Well, I'd think that something slightly better than this but still "cheap"
on CPU might be the best choice. I'm not 100% sure that what I propose
below would be a major win or even significantly better than the above,
but at least compression on
1) prefix
2) suffix
3) hostname suffix
4) possibly hostname prefix, but then that could/should/may be part of a
general prefix string in [1]
would be nice.
ie, I'd like to compress
http://www.ibm.com/something.html
to
1ibm2something3
where 1, 2 and 3 are single characters.
URL's are 7-bit ascii. that gives 128(more actually) strings to use
for most-common-substrings without having ot use a prefix code or similar,
ie,
http://www.
http://
https://
ftp://ftp.
ftp://
.com
.org
.htm
.html
.gif
.jpg
www.
ftp.
and so on. Someone could do the (possibly expensive) task of working out
the optimal string set on a group of a few million objects that they have
in their cache, and this could be put in as a static define.
For hostnames, extra substrings could be allocated to the characters
[A-Z_...], since hostnames are lowercased and various charecters aren't
valid (I'd particularly like to make _ not work through caches instead of
just through some caches [dependant on resolver libraries] so people get a
more consistent view of the undesirability of it :). [ie, www. and ftp.
and so on could be in as hostname-only-substrings in this extra set].

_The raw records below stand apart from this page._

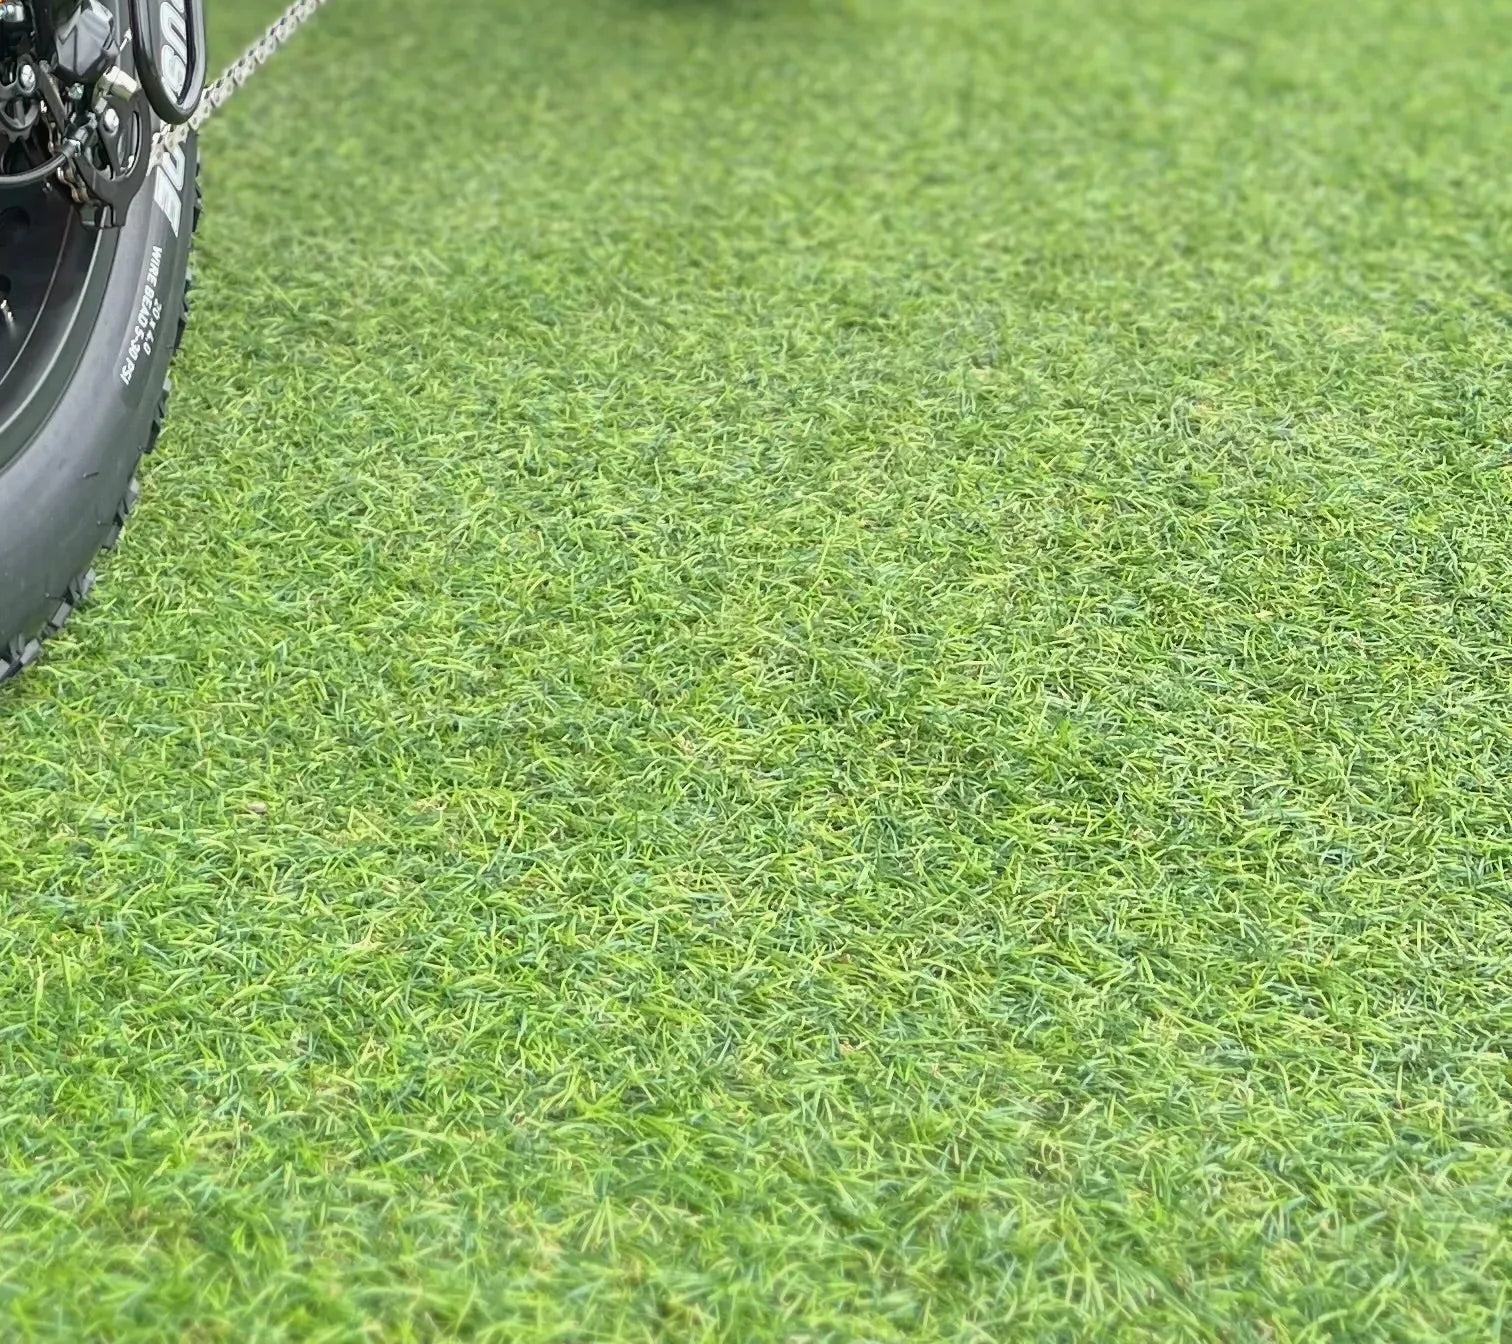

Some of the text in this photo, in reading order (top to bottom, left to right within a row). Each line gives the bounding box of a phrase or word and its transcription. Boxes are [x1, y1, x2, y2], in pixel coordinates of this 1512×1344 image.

[146, 245, 163, 288] WIRE
[137, 284, 155, 329] BEAD
[119, 357, 136, 386] PSI
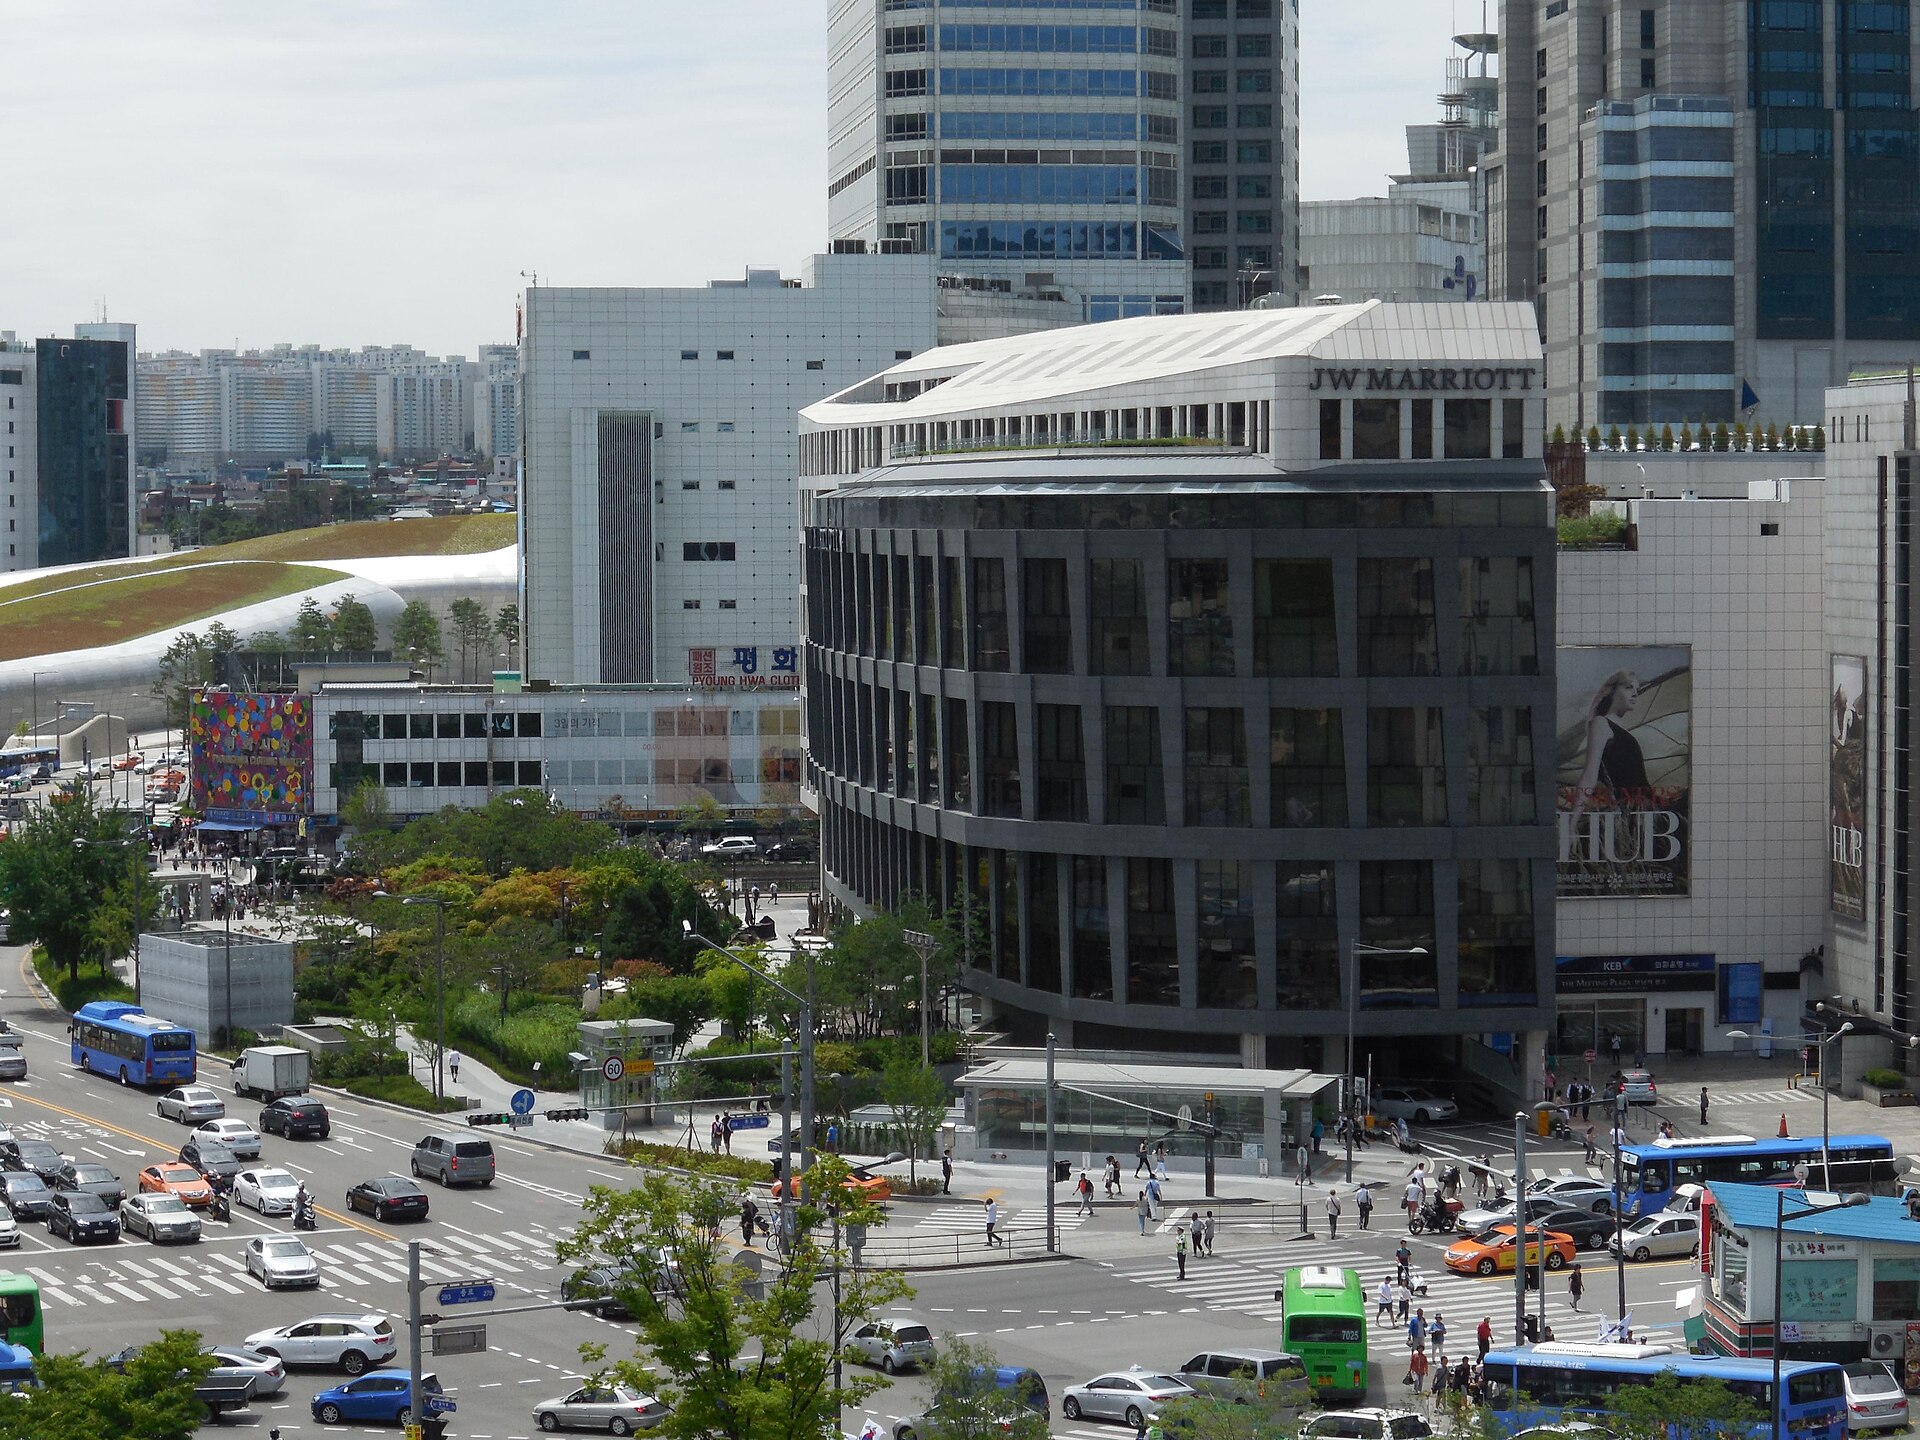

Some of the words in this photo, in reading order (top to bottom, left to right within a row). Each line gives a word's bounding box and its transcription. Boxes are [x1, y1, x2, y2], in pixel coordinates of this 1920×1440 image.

[1309, 368, 1360, 390] JW
[1365, 367, 1536, 391] MARRIOTT
[733, 646, 798, 674] 평화
[692, 675, 736, 687] PYOUNG
[740, 675, 766, 686] HWA
[1556, 810, 1681, 863] HUB
[1832, 824, 1862, 868] HUB
[1603, 961, 1622, 971] KEB
[607, 1063, 620, 1075] 60
[1806, 1242, 1826, 1255] 한복
[1341, 1330, 1359, 1341] 7025

An efficent string-matching algorithm is essential for this kind of
compression of course, but it should be achievable without too much rise
in CPU usage. CPU power is much cheaper than I/O or memory bandwidth most
of the time anyway, and various systems have relatively low limits on
physical memory configurations. Also, if one was sufficiently optomistic,
squid caches could communicate their version number and, if compatible,
communicate with compressed URL strings.
Someone with more knowledge on compression might be able to say if this
would be a good, cheap method for compressing short strings. Maybe
something trivial like huffman coding 4-byte blocks of the URLs (and
avoiding coding to "0" since it wouldn't let you strcmp) would be a
win, I don't know...
David.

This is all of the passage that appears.